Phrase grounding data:
####

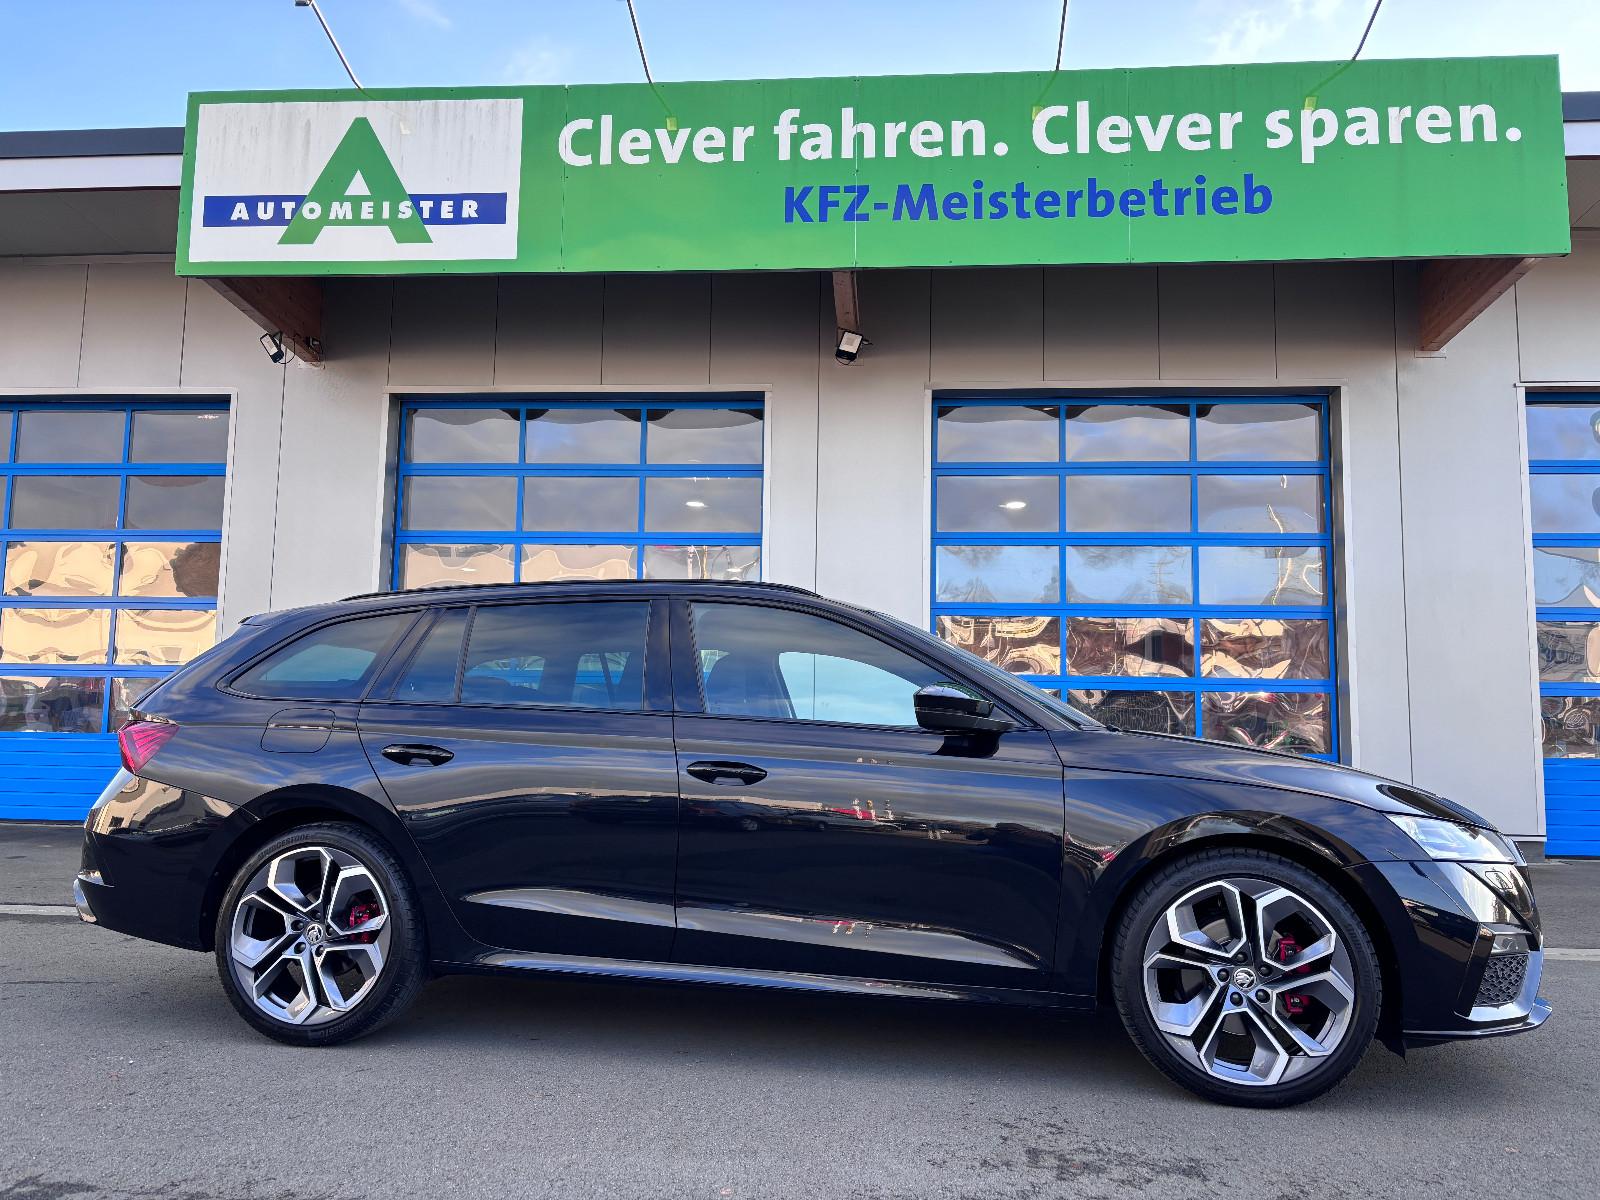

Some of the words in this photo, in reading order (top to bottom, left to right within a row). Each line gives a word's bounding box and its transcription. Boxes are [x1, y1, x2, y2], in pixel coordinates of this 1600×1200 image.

[558, 114, 755, 167] Clever
[773, 106, 1009, 162] fahren.
[1031, 100, 1243, 155] Clever
[1265, 103, 1522, 165] sparen.
[277, 116, 433, 245] A
[785, 174, 1273, 224] KFZ-Meisterbetrieb
[229, 199, 481, 222] AUTOMEISTER

####

**Task to complete:**
Copy the records above exactly. Do not carry any picture into the copy.

**Output:**
Some of the words in this photo, in reading order (top to bottom, left to right within a row). Each line gives a word's bounding box and its transcription. Boxes are [x1, y1, x2, y2], in pixel coordinates of this 1600×1200 image.

[558, 114, 755, 167] Clever
[773, 106, 1009, 162] fahren.
[1031, 100, 1243, 155] Clever
[1265, 103, 1522, 165] sparen.
[277, 116, 433, 245] A
[785, 174, 1273, 224] KFZ-Meisterbetrieb
[229, 199, 481, 222] AUTOMEISTER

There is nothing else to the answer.